Obzen

Groupe : Meshuggah
Label : Nuclear Blast
Année de sortie : 2008





Dès les premières notes de Combustion, vous pouvez vous douter que Meshuggah a composé une nouvelle tuerie. Ce groupe qui a influencé tant de groupes actuels revient plus en forme que jamais avec Obzen. Tout est joué à fond, chaque instrument est exploité au maximum. Le résultat est impressionnant, rempli de jeux rythmiques.

Combustion vous en met plein la figure avec une rythmique complexe et variante. Le chant est hurlé à merveille et le solo est parfait. Une très bonne entrée en matière.

Electric Red est plus sombre, plus lourd, plus oppressant. La batterie a un côté tribal dans le rythme. La basse claque avec un son très sec. Un petit moment de répit avant Bleed, qui commence sur un riff de guitare ultra rapide, donnant un son de mitraillette aux guitares. La batterie est au ralenti créant un décalage. La basse s’insère entre tout cela. Puis la batterie rejoint le rythme des guitares pour obtenir un effet très étrange. Après le break, le titre part avec un son de guitare planant, suivi d’un solo presque psychédélique. Bleed se termine dans la violence.
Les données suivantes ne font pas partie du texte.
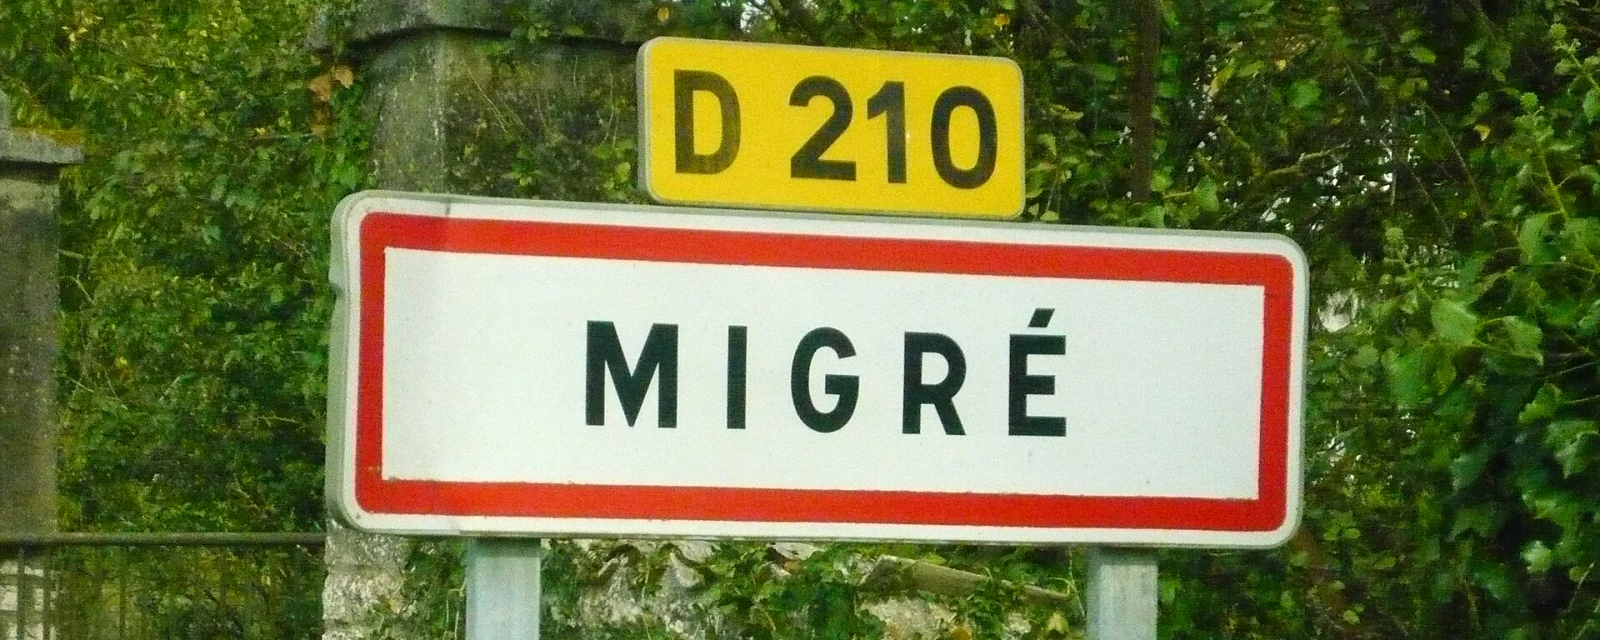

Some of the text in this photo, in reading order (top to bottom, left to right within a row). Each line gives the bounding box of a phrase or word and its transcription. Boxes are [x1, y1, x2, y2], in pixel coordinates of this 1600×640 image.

[673, 69, 999, 191] D 210
[585, 308, 1068, 437] MIGRÉ
Lethargica s’inscrit dans la continuité avec de gros riffs de guitare, un break ultra calme au milieu du titre et une fin assez tranquille avec une baisse de son.
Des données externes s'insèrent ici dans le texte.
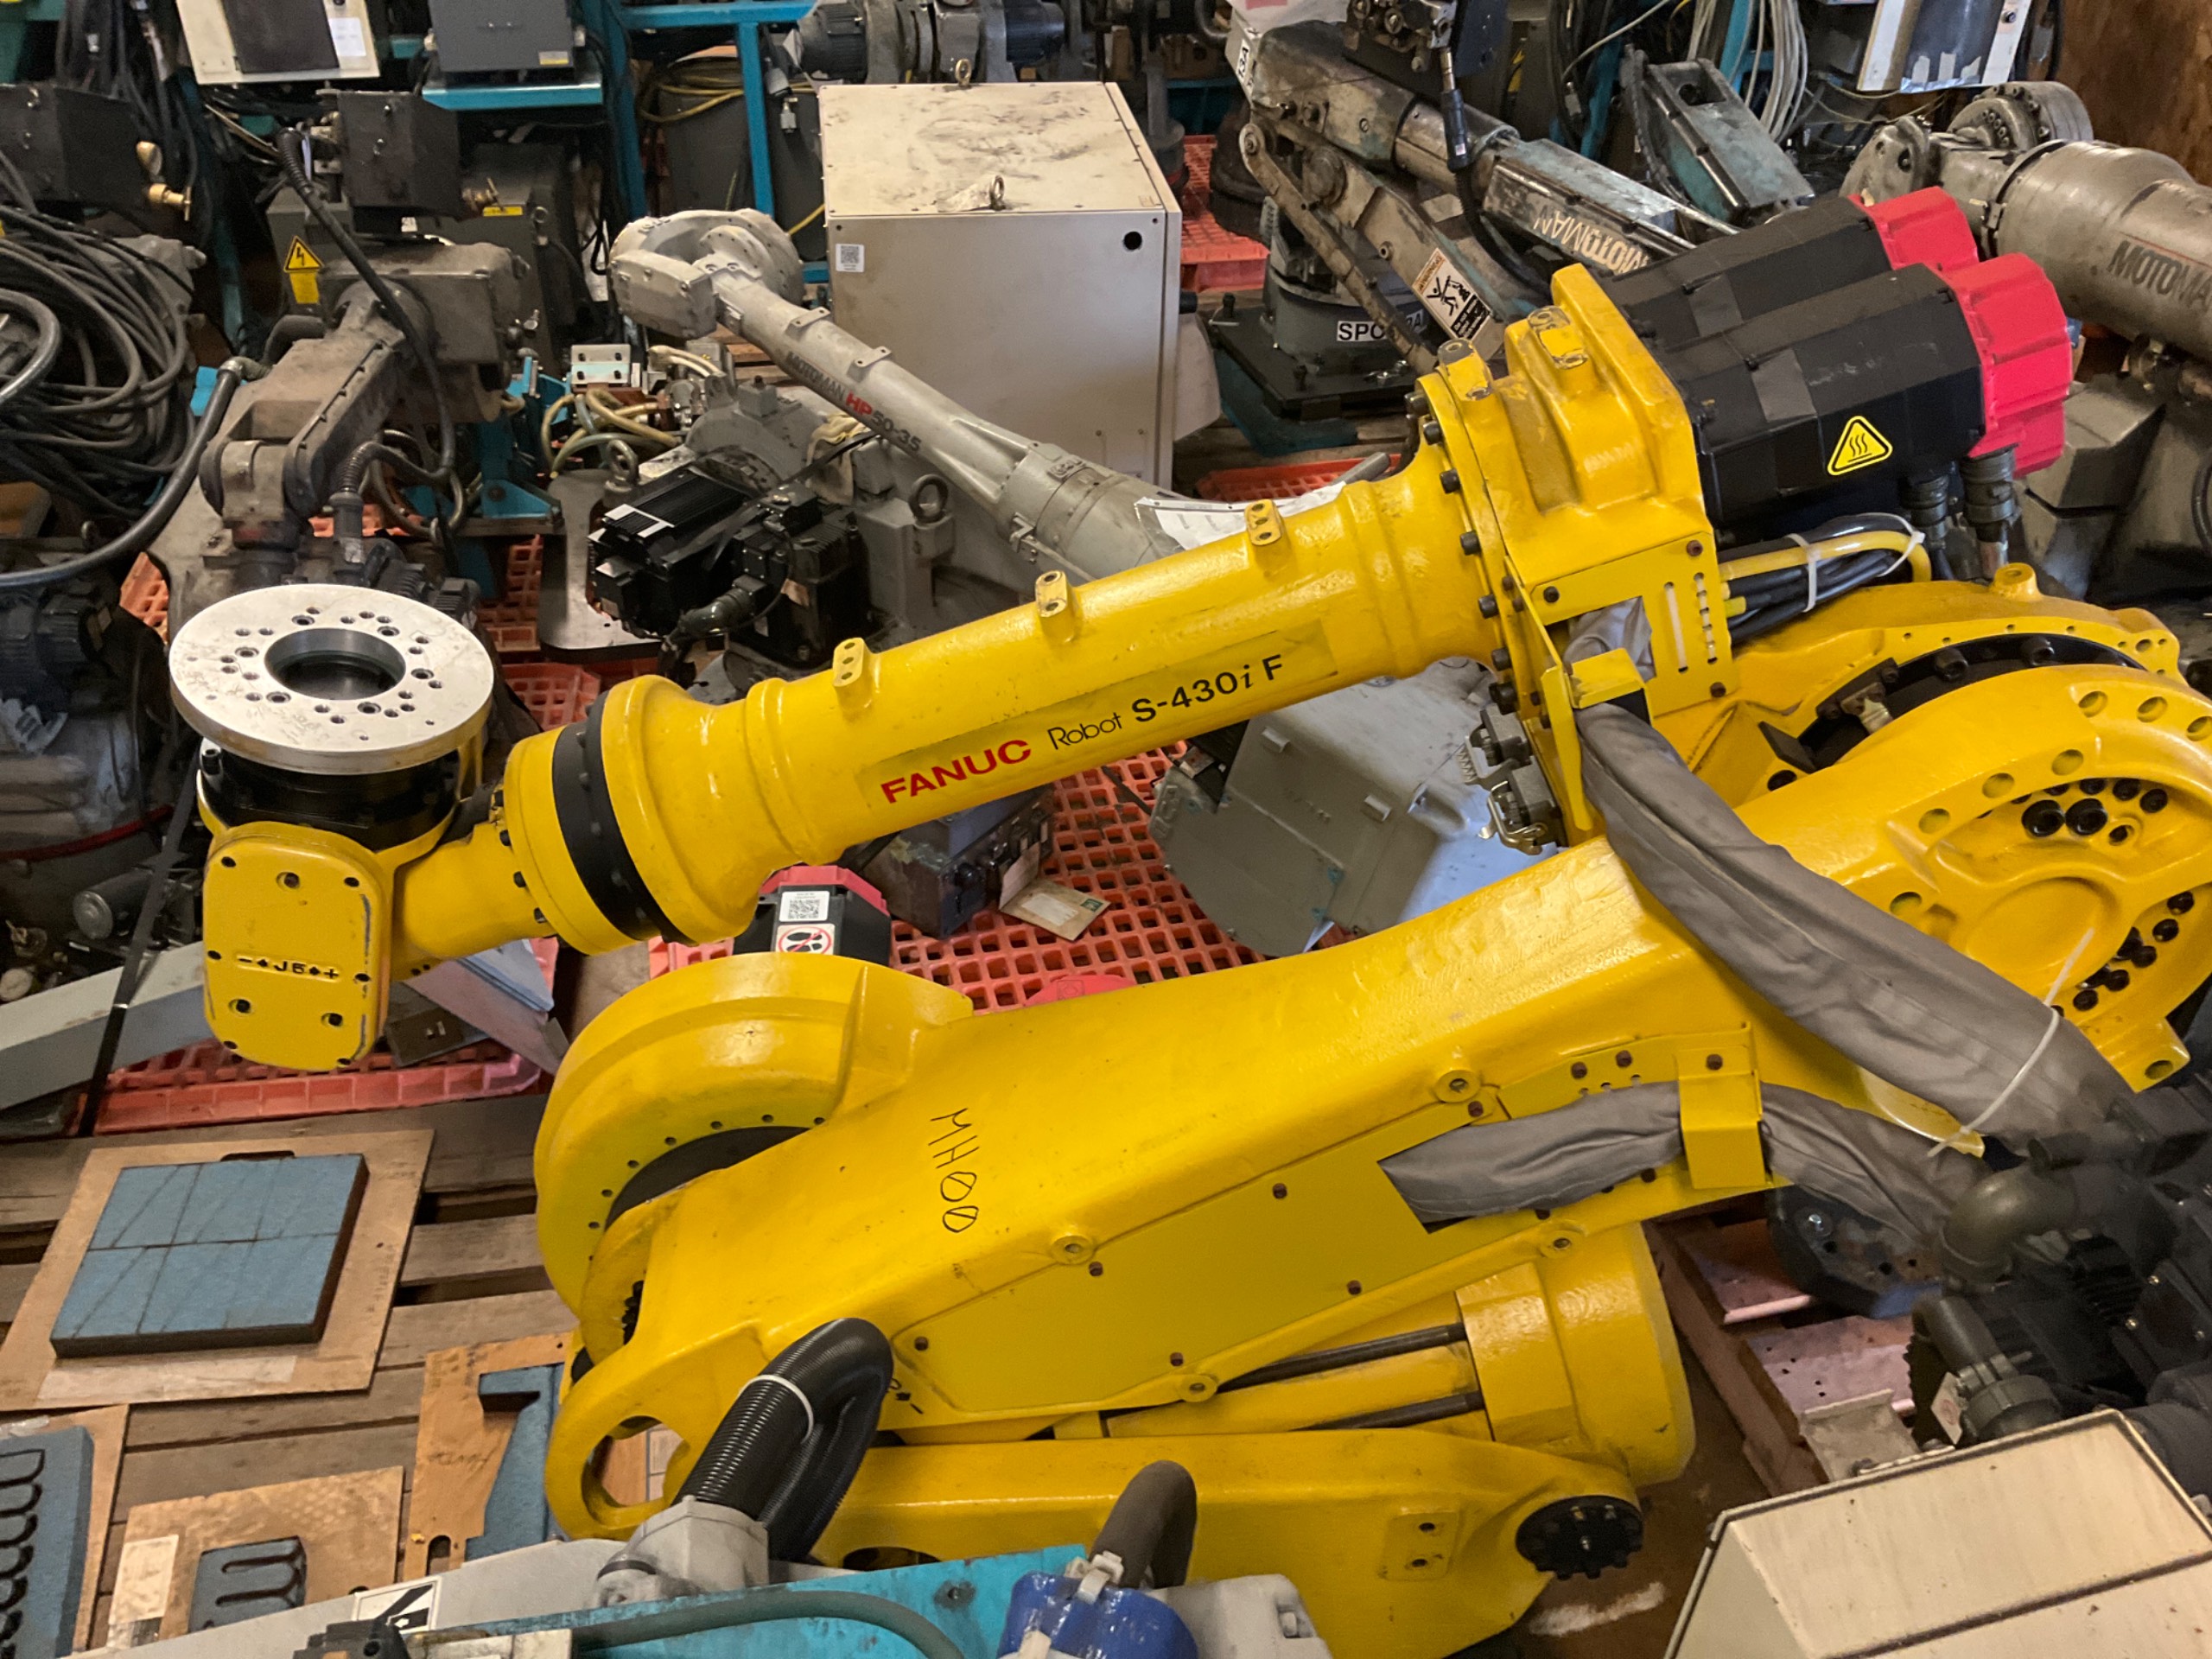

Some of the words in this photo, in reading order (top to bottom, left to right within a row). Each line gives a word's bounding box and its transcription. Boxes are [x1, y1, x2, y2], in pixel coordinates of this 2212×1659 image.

Obzen joue sur un rythme ultra répétitif rendant le titre assez hypnotique. La voix sort de cette masse sonore et attire toute votre attention.

This Spiteful Snake joue une fois de plus sur les contradictions rythmiques, un peu comme le titre Electric Red. Le break intervenant au milieu du titre est assez radical, le solo en tapping est très étrange.

Pineal Gland Optics allie un rythme que l’on pourrait qualifier de rebondissant porté par la batterie et la basse. Les guitares ont un son très planant. Le chant vient au dessus de tout cela pour vous vriller les tympans.

Pravus accélère les choses et nous acène une nouvelle claque en alternant riffs répétitifs à multiples tempo et passages en arpège avec plusieurs breaks.

Dances to a Discordant System termine cet album en nous offrant un florilège des capacités de Meshuggah. Tout y est : la voix puissante, les rythmes syncopés, les solos… le tout durant 9 min 36. Les fans ne peuvent demander mieux.